A SES admite que ocorre baixo financiamento pelo Estado para a saúde. Wagner Simplício diz que o mínimo necessário para gerir serviços deve ser de 14% orçamento estadual. E em uma estimativa mais positiva, esse percentual sobe para 20%. Hoje, o Estado direciona apenas 12%.

Hospitais cobram até 84% a mais em atendimento judicializado

A judicialização da saúde também abre brecha para a exploração de mercado por unidades de saúde. Auditorias realizadas pela Controladoria Geral do Estado (CGE) em atendimentos derivados de determinação judicial mostram que, em dois anos, os preços cobrados por hospitais e clínicas ficaram até 84% acima dos preços praticados no mercado. Os Relatórios de Auditoria nº 38/2016 e nº 43/2016 trazem esta constatação.

Conforme a Controladoria, em um processo, por exemplo, um hospital cobrou R$ 169.424 do Estado para a realização de revascularização miocárdica em um único paciente do SUS. O procedimento, porém, poderia ser realizado ao custo de R$ 25 mil. Para o mesmo procedimento em outros hospitais, a Controladoria constatou sobrepreço entre 84,53% e 66,38%.

Ainda conforme a CGE, a falta de informações e de documentos nos processos impede análise detalhada dos procedimentos médicos realizados via judicialização. Isso dificulta a comprovação dos serviços efetivamente prestados e o registro formal da despesa pública conforme as regras da Lei do Orçamento (Lei Federal nº 4.320/1964).

Em um caso usado como exemplo, a equipe de auditoria conseguiu avaliar apenas 51,82% de R$ 143.880 pagos em itens relacionados na fatura apresentada pelo hospital. Não havia documentos, como prontuários médicos, fatura detalhada e notas fiscais referentes aos serviços cobrados no restante da fatura.

“As empresas têm encontrado na judicialização alternativa para compensar os baixos valores de remuneração do SUS, mas aproveitando-se da situação emergencial e diante da falta de normatização de procedimentos”, pontua o relatório da CGE.

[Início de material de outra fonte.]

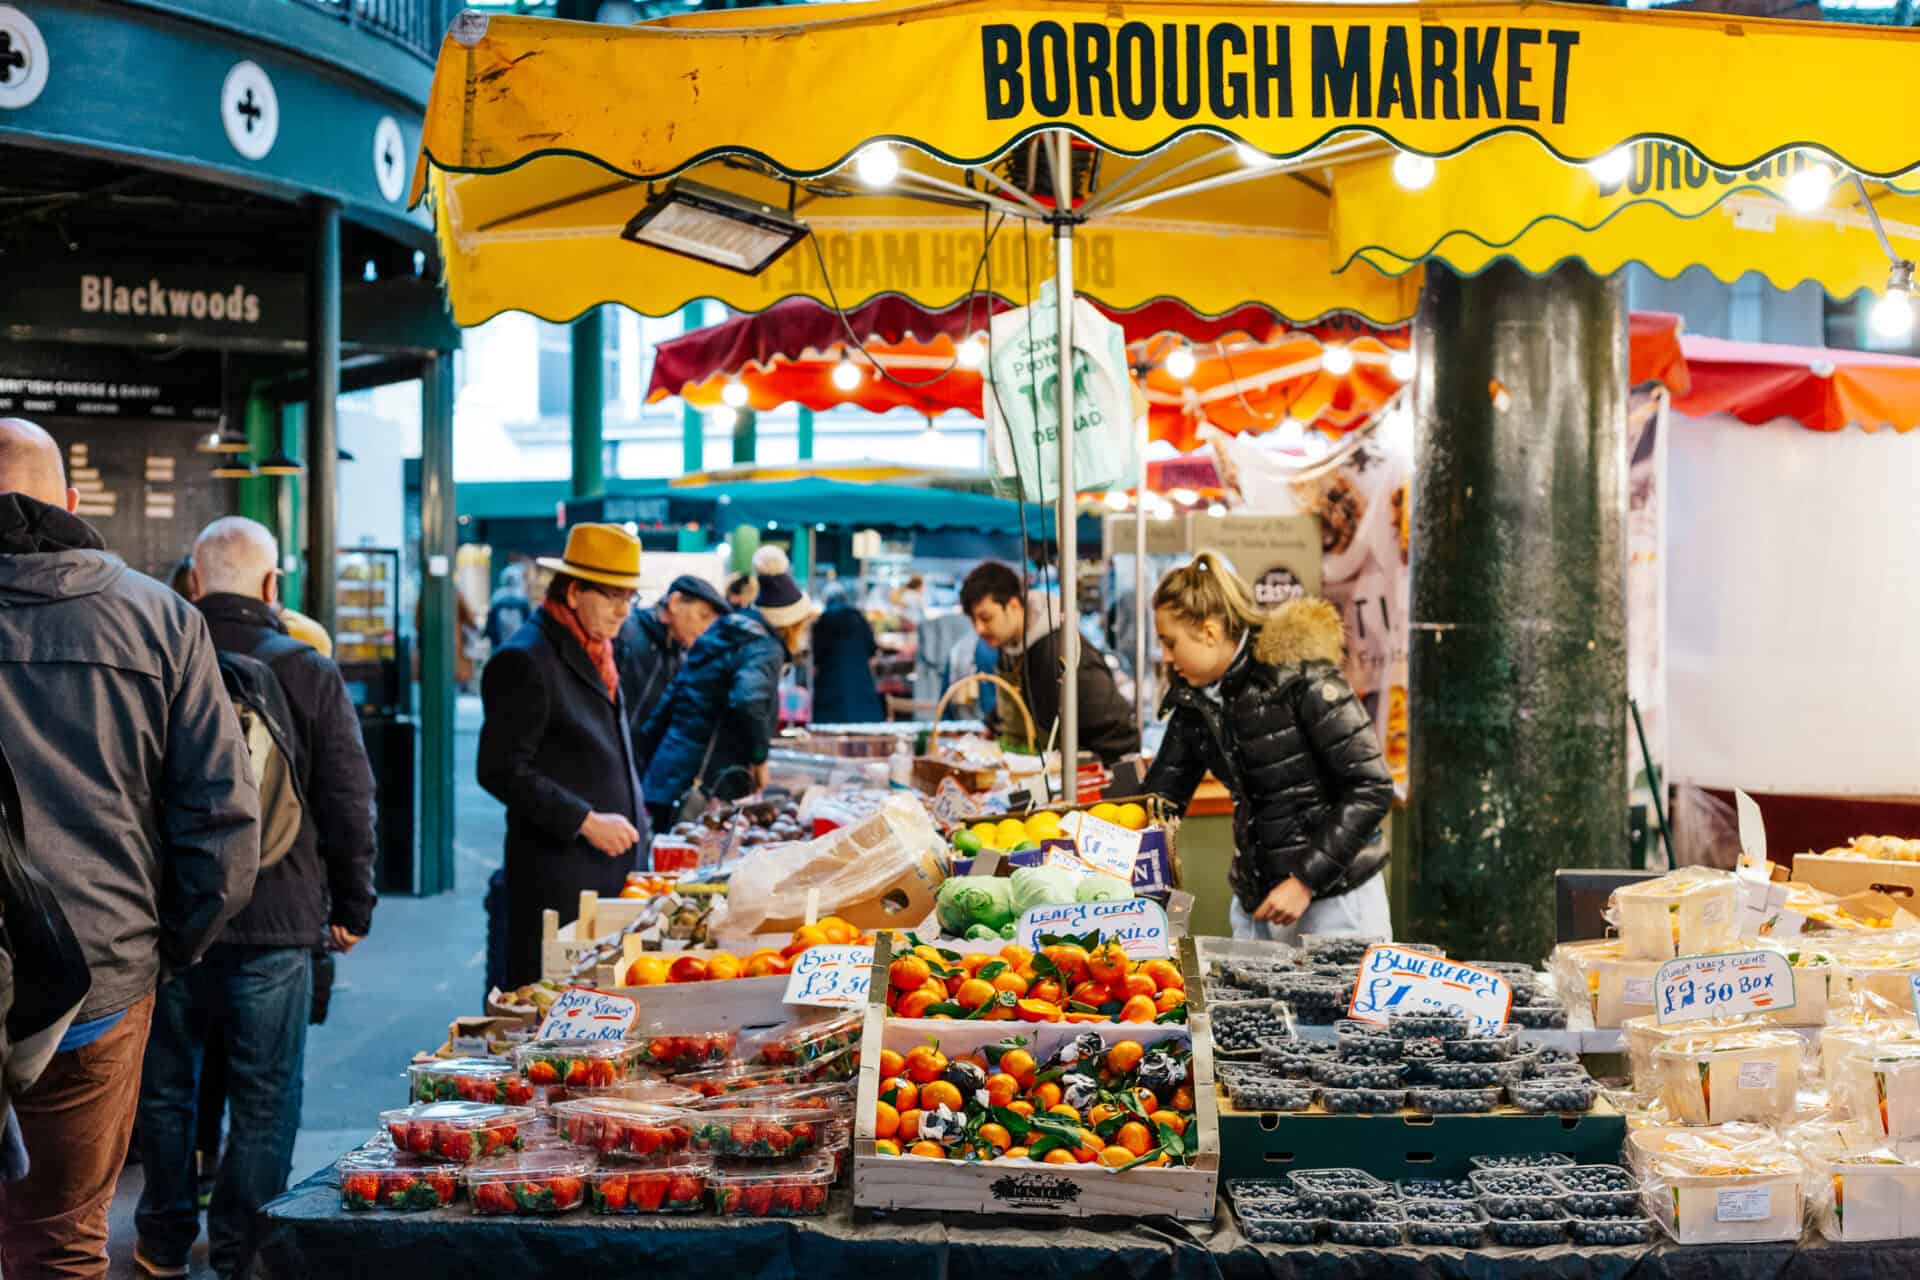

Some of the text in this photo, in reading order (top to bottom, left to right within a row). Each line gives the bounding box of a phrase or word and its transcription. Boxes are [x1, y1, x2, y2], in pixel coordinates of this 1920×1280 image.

[981, 20, 1580, 125] BOROUGH MARKET
[80, 274, 260, 322] Blackwoods
[1115, 926, 1161, 944] KILO
[1370, 949, 1499, 998] BLUEBERRY

O assessor Wagner Simplício [branco] durante reunião com o Conselho 

SES diz que falta de normas possibilita sobrepreço

O assessor Wagner Simplício afirma que, em alguns casos, foi possível identificar que sobrepreço foi realizado por empresas já contratadas pelo Poder Público para atendimento que já deveria ser ofertado. Ele afirma que o maior encargo ocorre por falta de sincronização entre ações do Executivo e do Judiciário.

Simplício afirma que a SES estuda uma normalização com o Poder Judiciário que possibilite a estabelecimento de margens para cobrança mais real dos procedimentos.

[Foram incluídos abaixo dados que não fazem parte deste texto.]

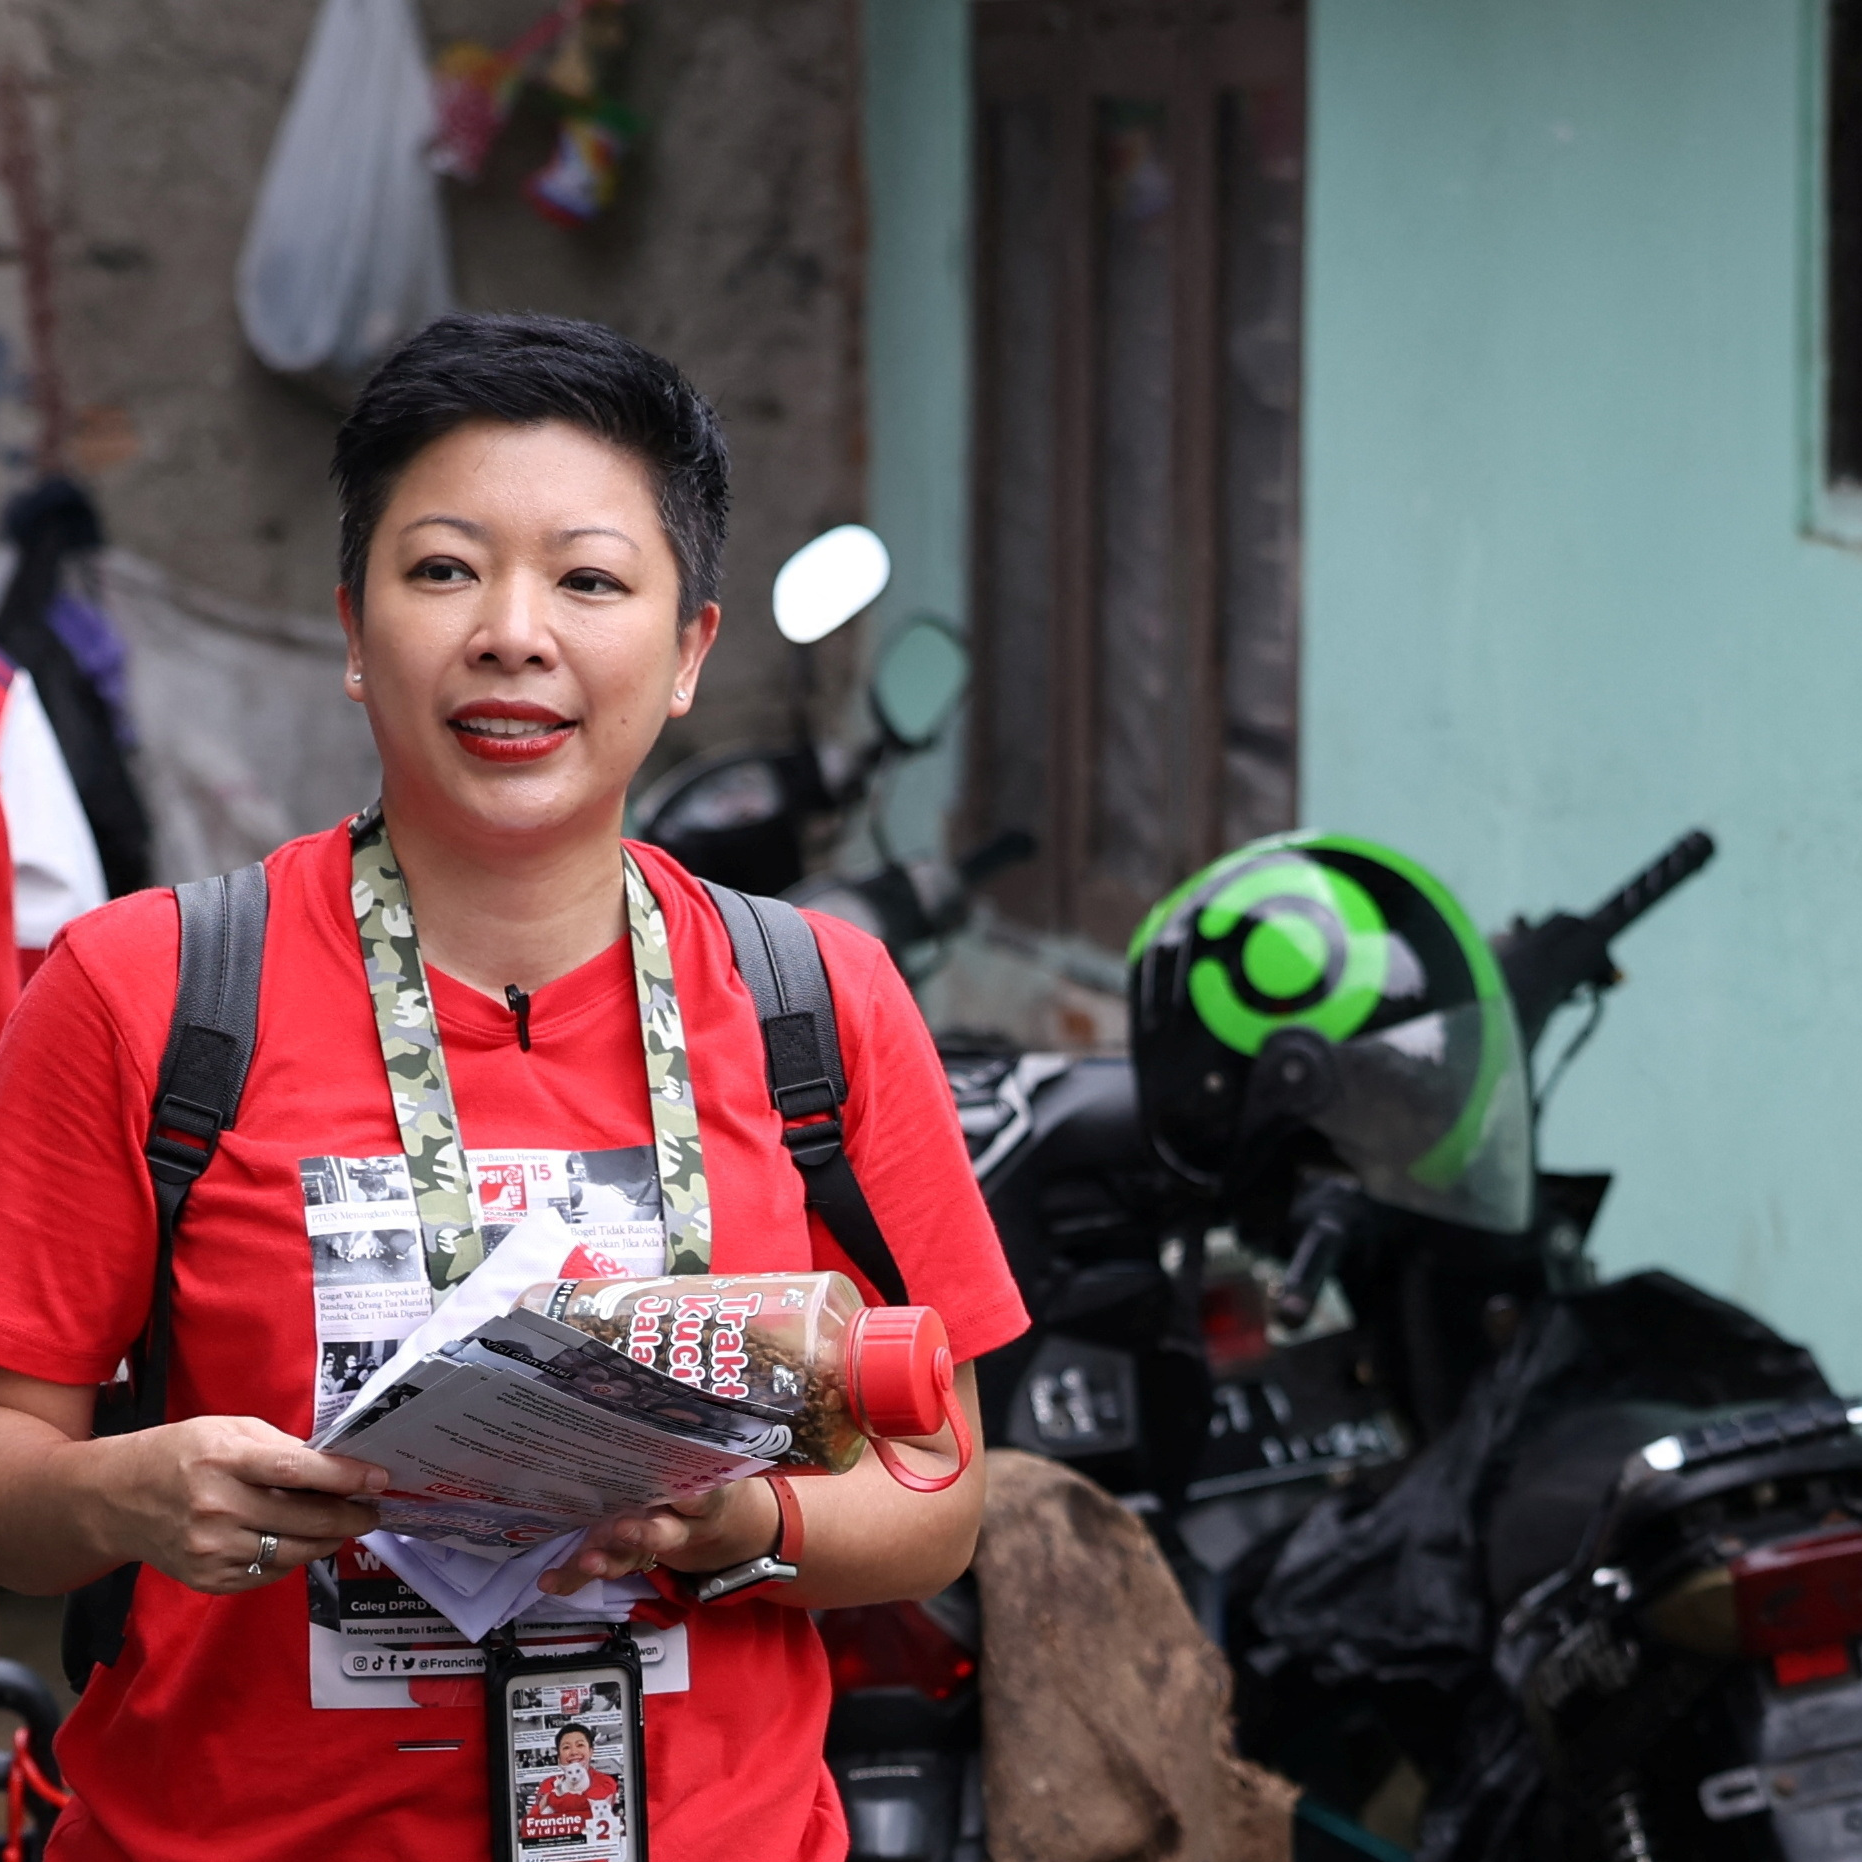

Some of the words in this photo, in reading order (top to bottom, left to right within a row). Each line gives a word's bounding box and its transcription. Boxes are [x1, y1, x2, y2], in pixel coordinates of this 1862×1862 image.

[488, 1153, 515, 1162] Bantu
[518, 1153, 549, 1161] Hewan
[477, 1169, 502, 1185] PSI
[530, 1164, 552, 1181] 15
[311, 1212, 337, 1223] PTUN
[339, 1209, 390, 1220] Menangkan
[570, 1226, 596, 1237] Bogel
[599, 1225, 625, 1236] Tidak
[628, 1225, 661, 1235] Rabies,
[622, 1238, 640, 1250] Jika
[642, 1238, 660, 1248] Ada
[319, 1292, 342, 1302] Gugat
[344, 1291, 363, 1299] Wali
[365, 1290, 383, 1298] Kota
[384, 1288, 409, 1299] Depok
[411, 1287, 419, 1296] ke
[320, 1302, 356, 1311] Bandung,
[358, 1301, 382, 1310] Orang
[384, 1300, 398, 1308] Tua
[400, 1298, 423, 1307] Murid
[320, 1312, 349, 1321] Pondok
[350, 1312, 369, 1320] Cina
[377, 1310, 398, 1319] Tidak
[401, 1309, 430, 1319] Digusur
[629, 1296, 670, 1364] Jala
[712, 1293, 762, 1399] Trakt
[513, 1349, 541, 1368] dan
[542, 1361, 573, 1379] misi
[429, 1482, 494, 1502] Cerah
[503, 1524, 556, 1543] 2
[350, 1601, 386, 1613] Caleg
[389, 1600, 427, 1610] DPRD
[346, 1626, 395, 1637] Kebayoran
[397, 1625, 420, 1634] Baru
[580, 1687, 589, 1697] 15
[526, 1814, 582, 1828] Francine
[526, 1825, 580, 1836] Widjojo
[596, 1820, 610, 1840] 2

“Sabemos das reclamações de preços baixos da tabela do SUS, mas também não podemos pagar o preço que a empresa pede. Se for para cobrar a mais, que haja um parâmetro de valores. Se o SUS paga pouco, então vamos negociar para pagar até cinco, dez vezes o preço da tabela do SUS, desde que se possa saber o que está sendo cobrado”.

Segundo o assessor, a cobrança exorbitante por hospitais via processos judiciais decorre da falta de comunicação entre a SES e o Poder Judiciário. “Nós não sabemos o que ocorre para a decisão da Justiça, e em alguns casos isso gera encargo para o orçamento. Por exemplo, alguns pacientes conseguem atendimento para remédio que não está na tabela científica de medicação aprovada, então não sabemos qual será o efeito”.

E isso, conforme o assessor, gera uma nova ação para o mesmo paciente em nova tentativa de tratamento.

Em setembro de 2016, o ministro Marco Aurélio, do STF (Supremo Tribunal Federal) propôs a adoção de critérios na análise das ações judiciais que pedem acesso a remédios.  Por exemplo, o fornecimento de medicamentos importados por regime de exceção.